**What you are asked to do:**
The entries below are to be reproduced exactly, with their pictures omitted.

-------- Dataset records

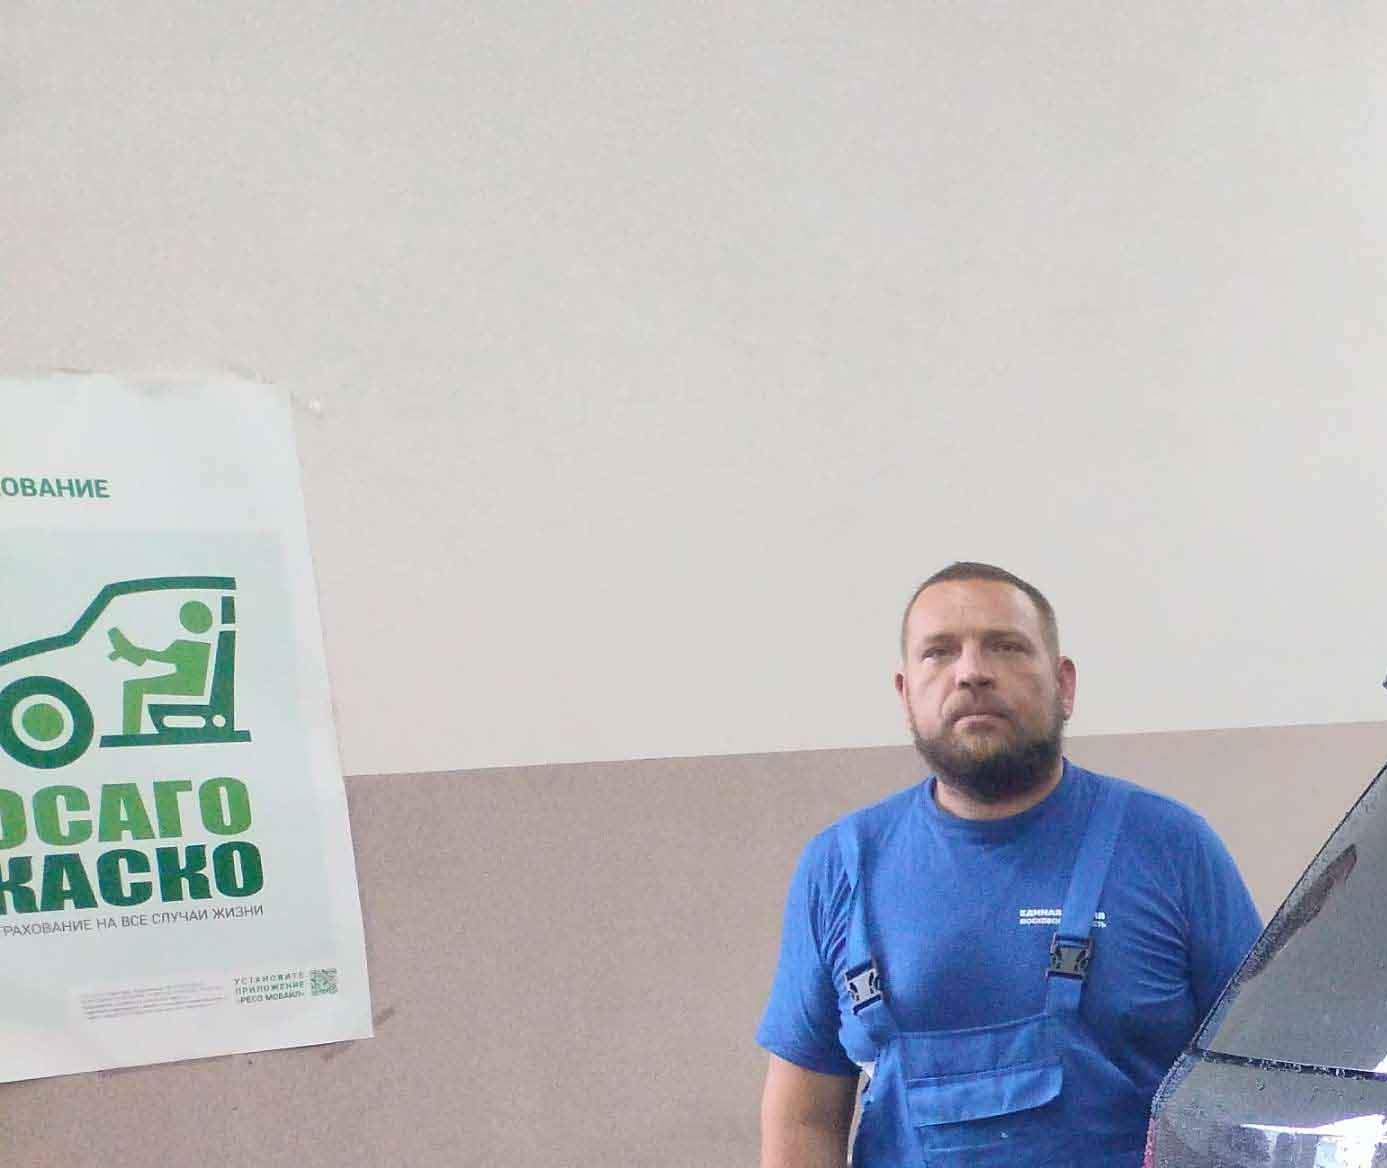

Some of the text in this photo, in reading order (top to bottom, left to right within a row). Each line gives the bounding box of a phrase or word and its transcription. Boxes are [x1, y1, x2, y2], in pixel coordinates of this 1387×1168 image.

[0, 477, 112, 498] ОВАНИЕ
[0, 841, 264, 916] КАСКО
[0, 919, 94, 937] РАХОВАНИЕ
[96, 917, 117, 930] НА
[121, 914, 148, 928] ВСЕ
[212, 904, 264, 920] ЖИЗНИ
[235, 980, 304, 996] ПРИЛОЖЕНИЕ

----------------

**Response to the exercise:**
Some of the text in this photo, in reading order (top to bottom, left to right within a row). Each line gives the bounding box of a phrase or word and its transcription. Boxes are [x1, y1, x2, y2], in pixel coordinates of this 1387×1168 image.

[0, 477, 112, 498] ОВАНИЕ
[0, 841, 264, 916] КАСКО
[0, 919, 94, 937] РАХОВАНИЕ
[96, 917, 117, 930] НА
[121, 914, 148, 928] ВСЕ
[212, 904, 264, 920] ЖИЗНИ
[235, 980, 304, 996] ПРИЛОЖЕНИЕ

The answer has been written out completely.